(Material to process begins)

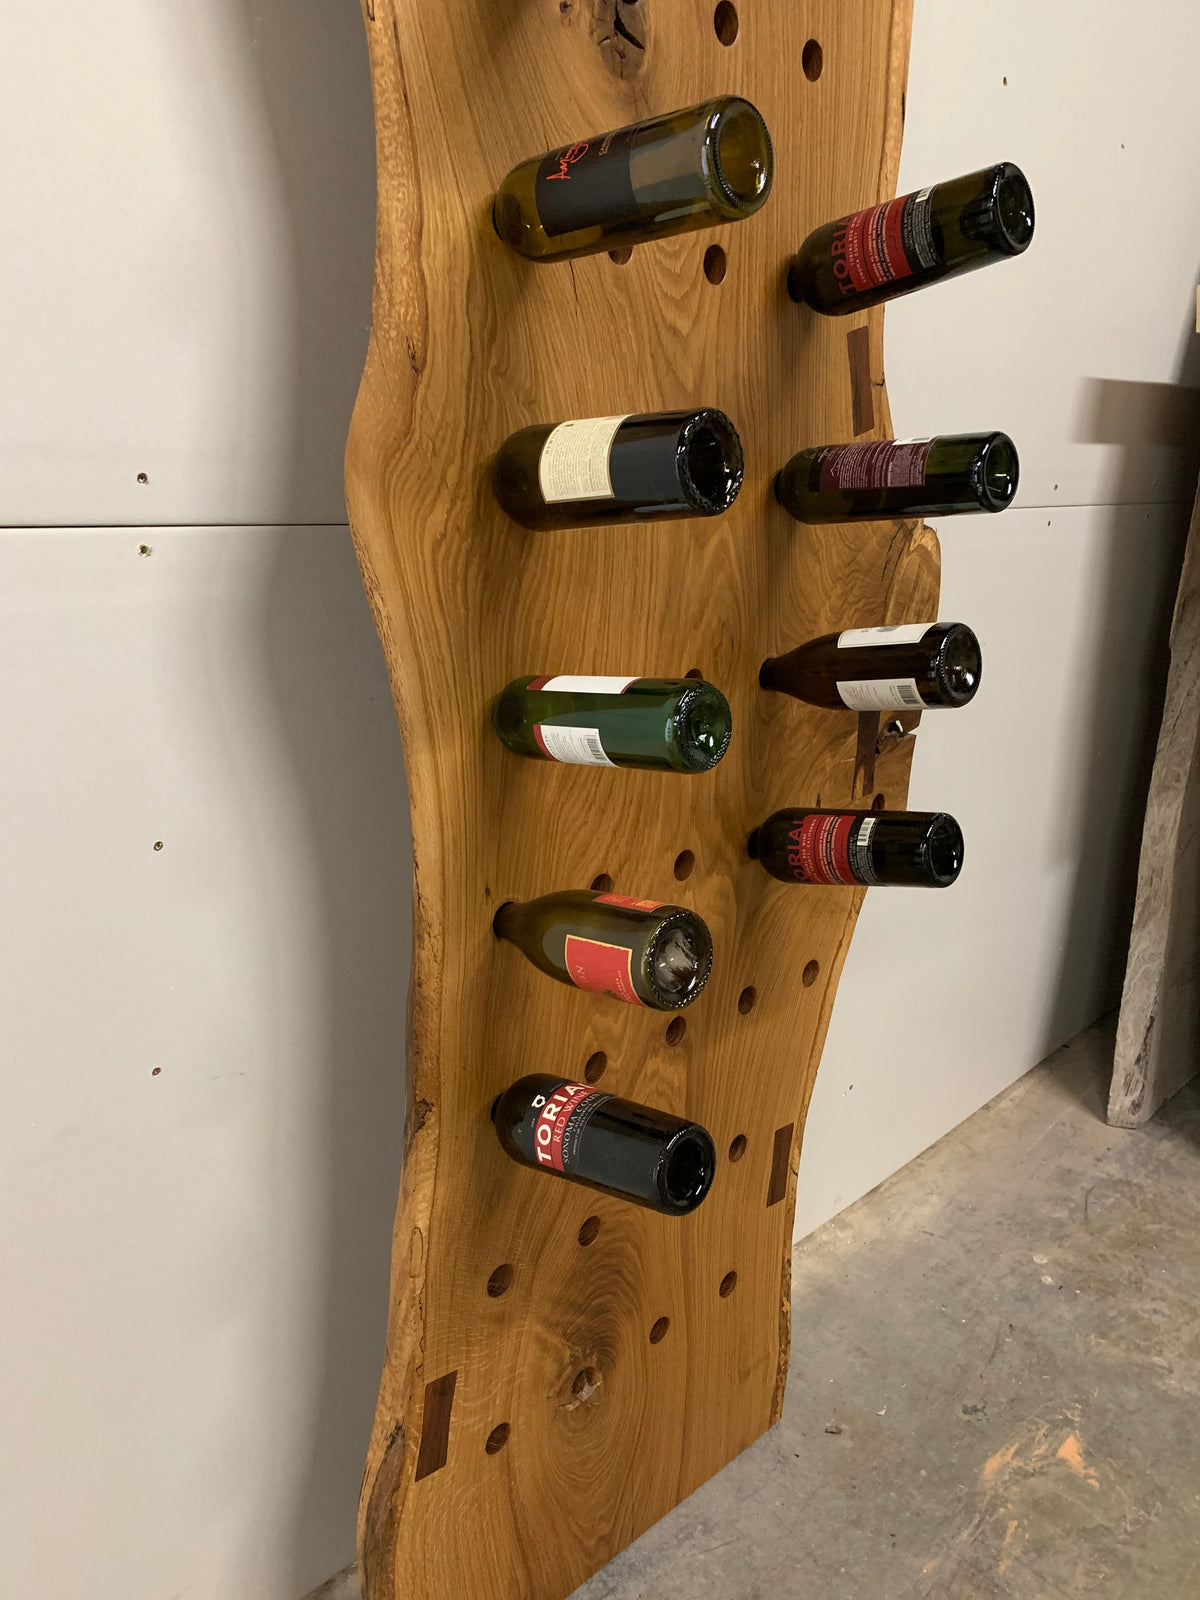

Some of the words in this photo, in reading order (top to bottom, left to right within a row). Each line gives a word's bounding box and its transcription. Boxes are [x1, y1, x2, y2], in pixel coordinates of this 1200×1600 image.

[553, 1116, 566, 1143] RED
[563, 1090, 589, 1113] WINE
[562, 1115, 579, 1164] SONOMA
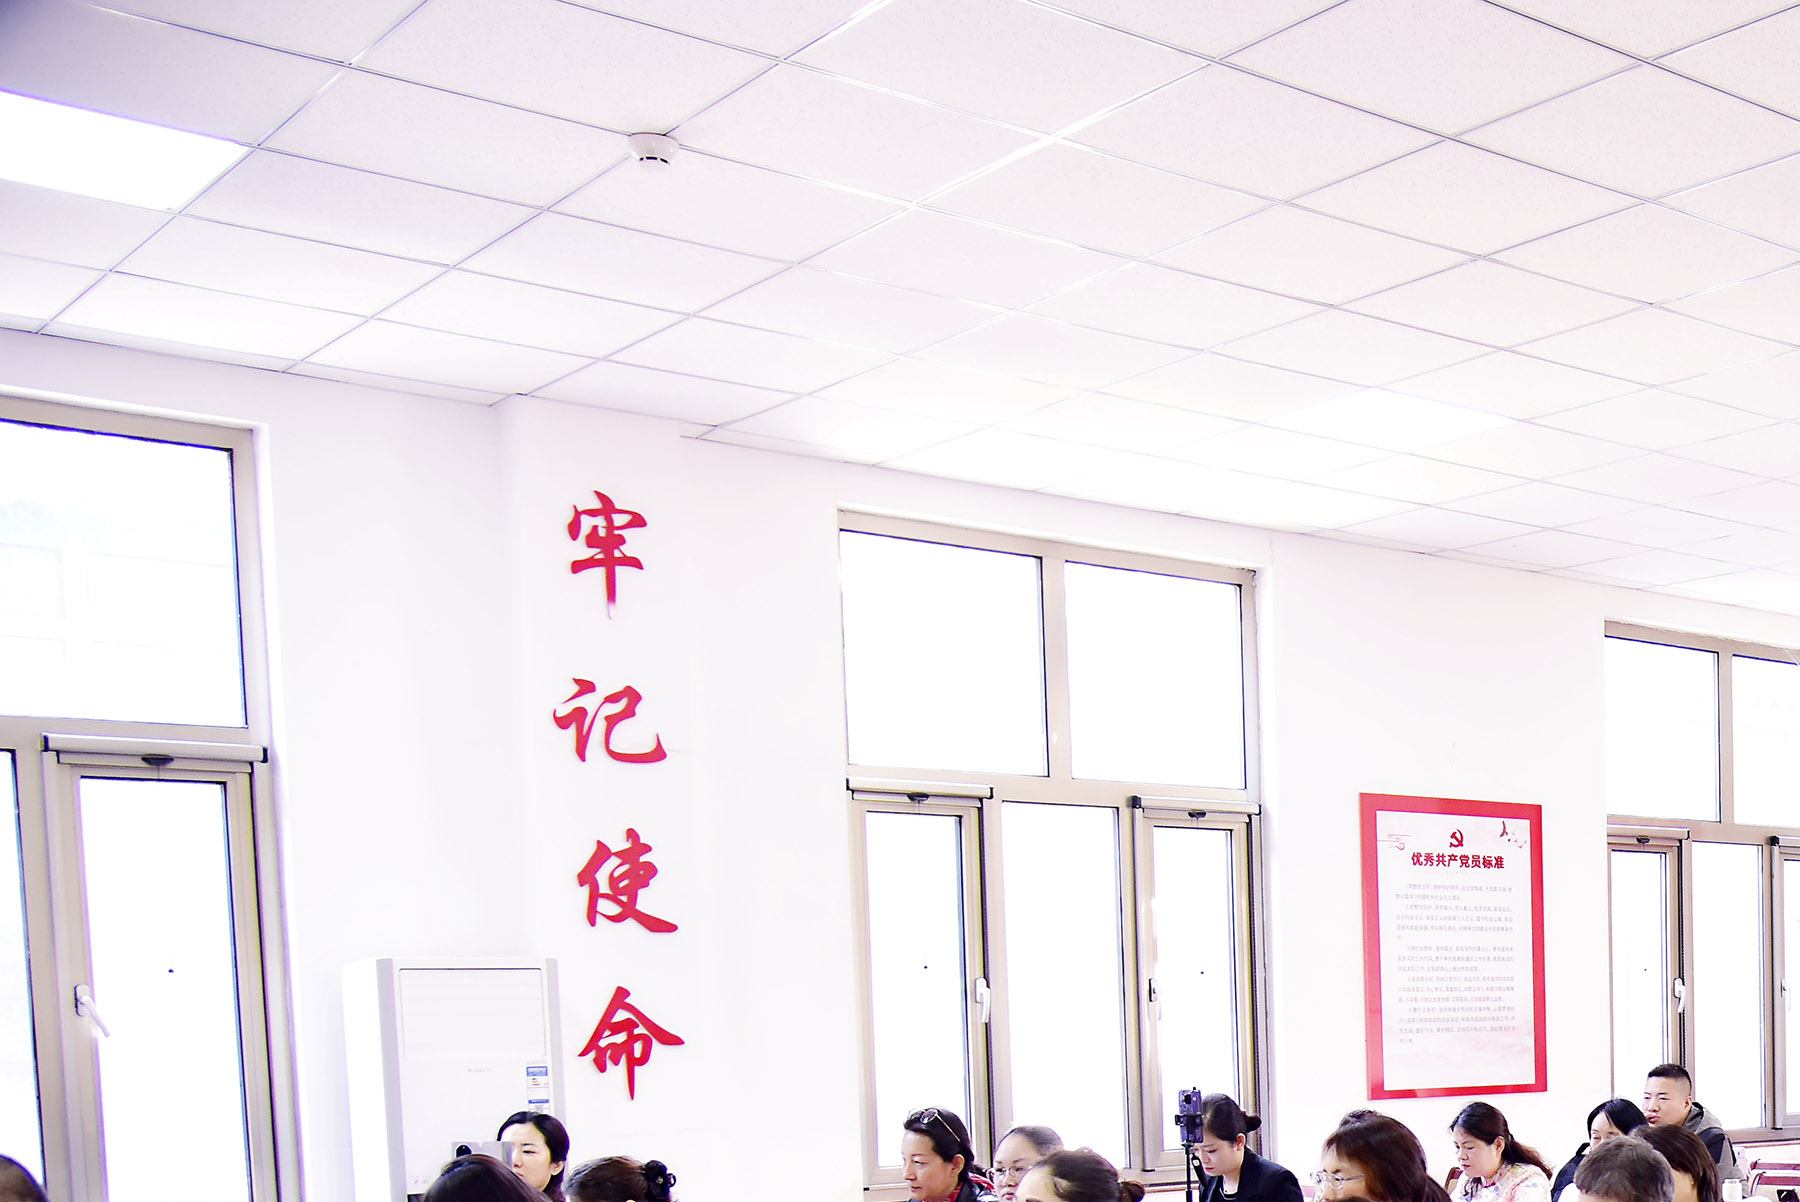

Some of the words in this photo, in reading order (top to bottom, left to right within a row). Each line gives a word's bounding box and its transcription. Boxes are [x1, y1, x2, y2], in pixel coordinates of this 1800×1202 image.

[553, 489, 685, 1101] 牢记使命
[1411, 851, 1504, 869] 优秀共产党员标准

(Material to process ends)

The entries above should be written out in full, and any picture in them left out.

• Task output
Some of the words in this photo, in reading order (top to bottom, left to right within a row). Each line gives a word's bounding box and its transcription. Boxes are [x1, y1, x2, y2], in pixel coordinates of this 1200×1600 image.

[553, 1116, 566, 1143] RED
[563, 1090, 589, 1113] WINE
[562, 1115, 579, 1164] SONOMA

Some of the words in this photo, in reading order (top to bottom, left to right within a row). Each line gives a word's bounding box and its transcription. Boxes are [x1, y1, x2, y2], in pixel coordinates of this 1800×1202 image.

[553, 489, 685, 1101] 牢记使命
[1411, 851, 1504, 869] 优秀共产党员标准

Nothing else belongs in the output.